Free-text object descriptions
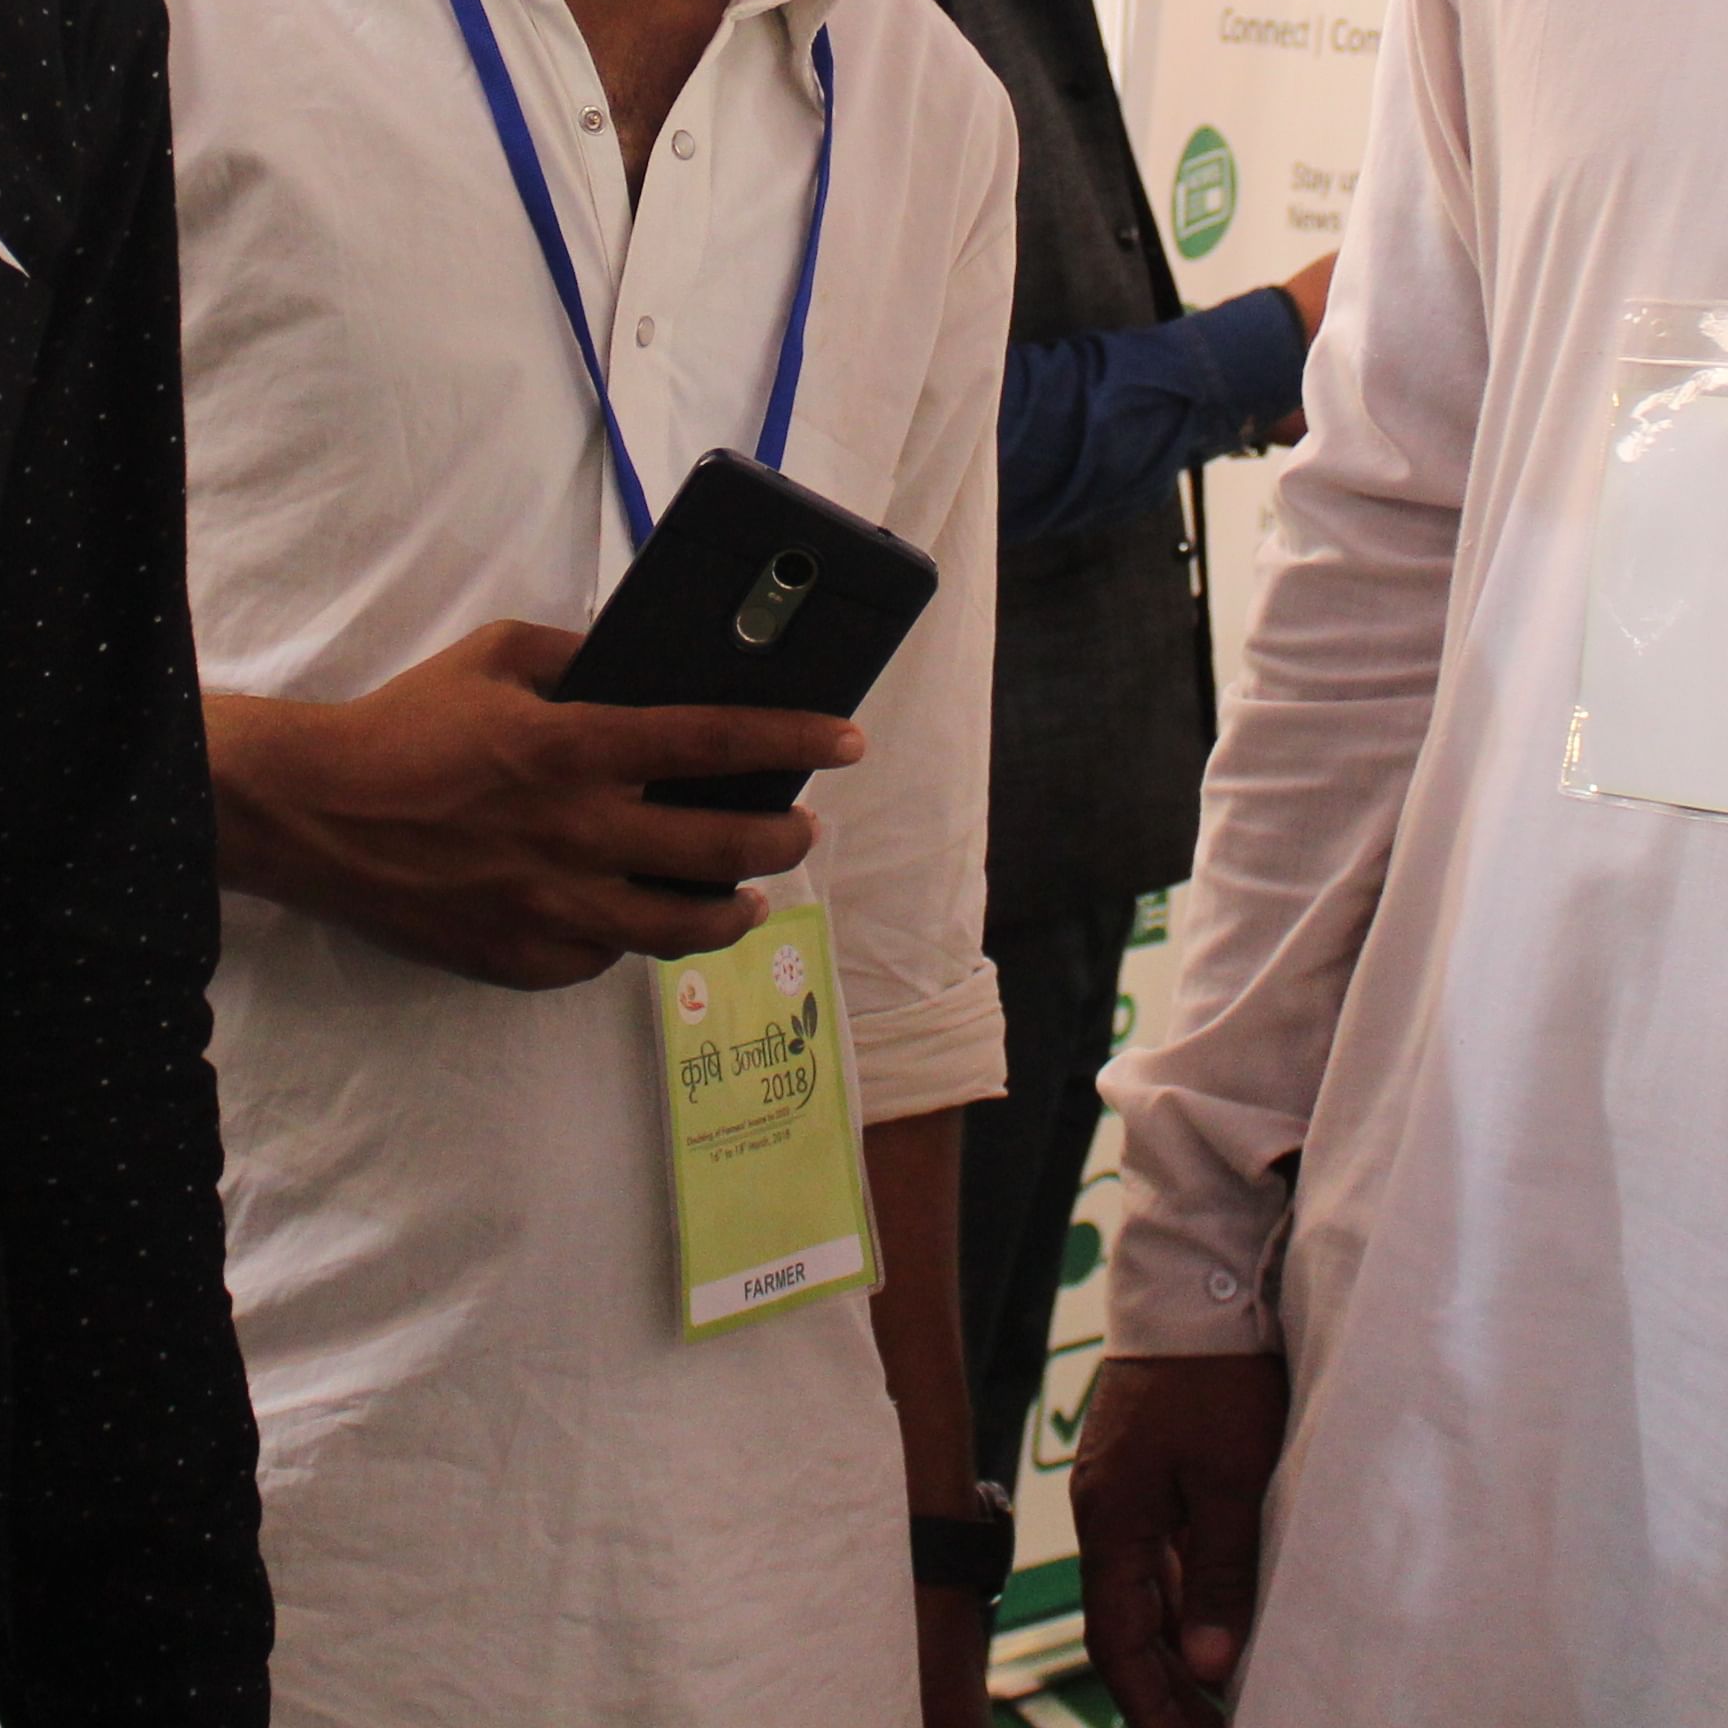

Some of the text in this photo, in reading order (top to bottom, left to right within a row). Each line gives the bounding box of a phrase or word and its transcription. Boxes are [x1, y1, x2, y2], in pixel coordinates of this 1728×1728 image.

[1219, 6, 1311, 50] Connect
[761, 1066, 809, 1105] 2018
[743, 1261, 807, 1302] FARMER
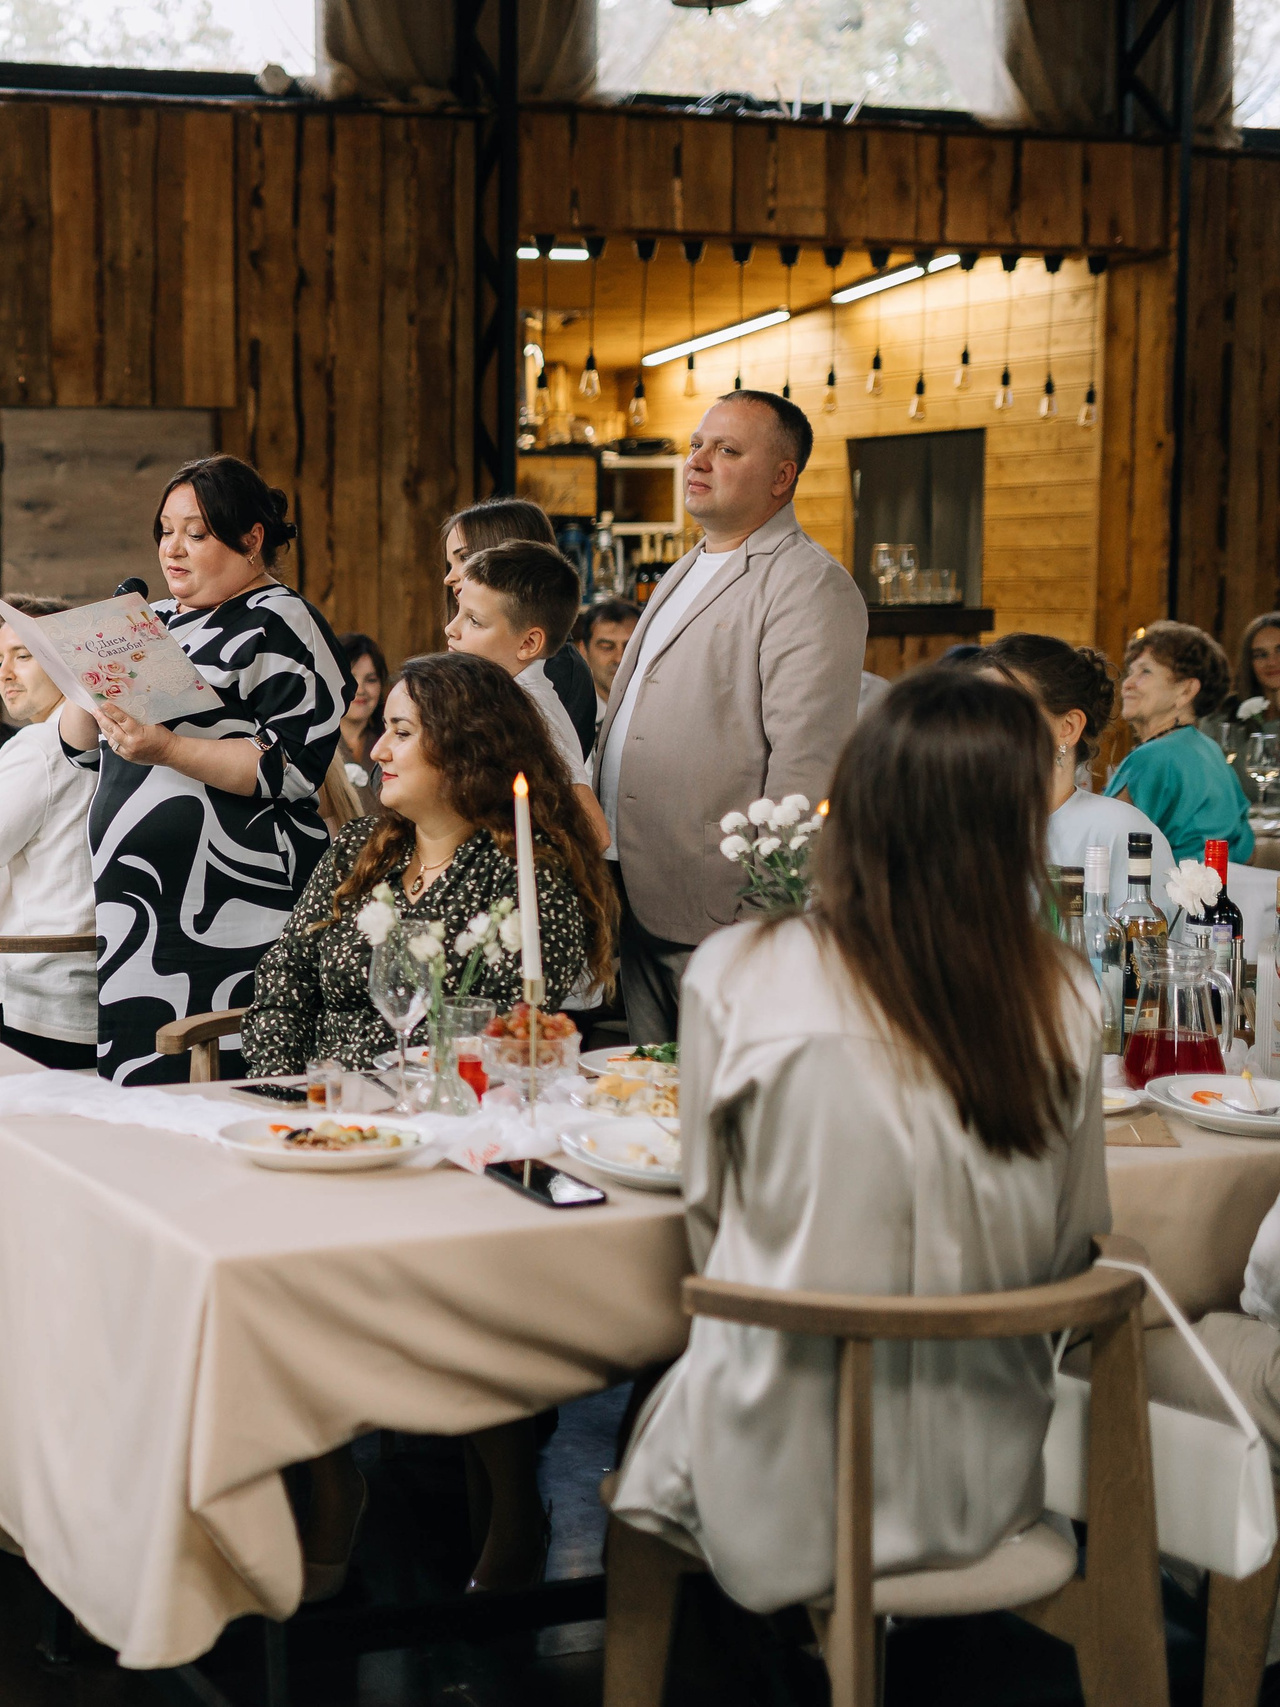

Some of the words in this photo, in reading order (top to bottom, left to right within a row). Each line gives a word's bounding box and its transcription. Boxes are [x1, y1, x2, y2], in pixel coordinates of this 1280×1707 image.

TASK GOAL:
Please write out all the data again word for word, but not the pictures.

ANSWER BOX:
Some of the text in this photo, in reading order (top to bottom, left to right within a row). Each line gives the bounding box of a phrase or word and its transcription. Boxes are [x1, y1, x2, y2], in pixel coordinates of this 1728×1728 image.

[1219, 6, 1311, 50] Connect
[761, 1066, 809, 1105] 2018
[743, 1261, 807, 1302] FARMER

Some of the words in this photo, in reading order (top to bottom, left to right within a row). Each line gives a word's bounding box and its transcription. Boxes are [x1, y1, x2, y2], in pixel coordinates of this 1280×1707 image.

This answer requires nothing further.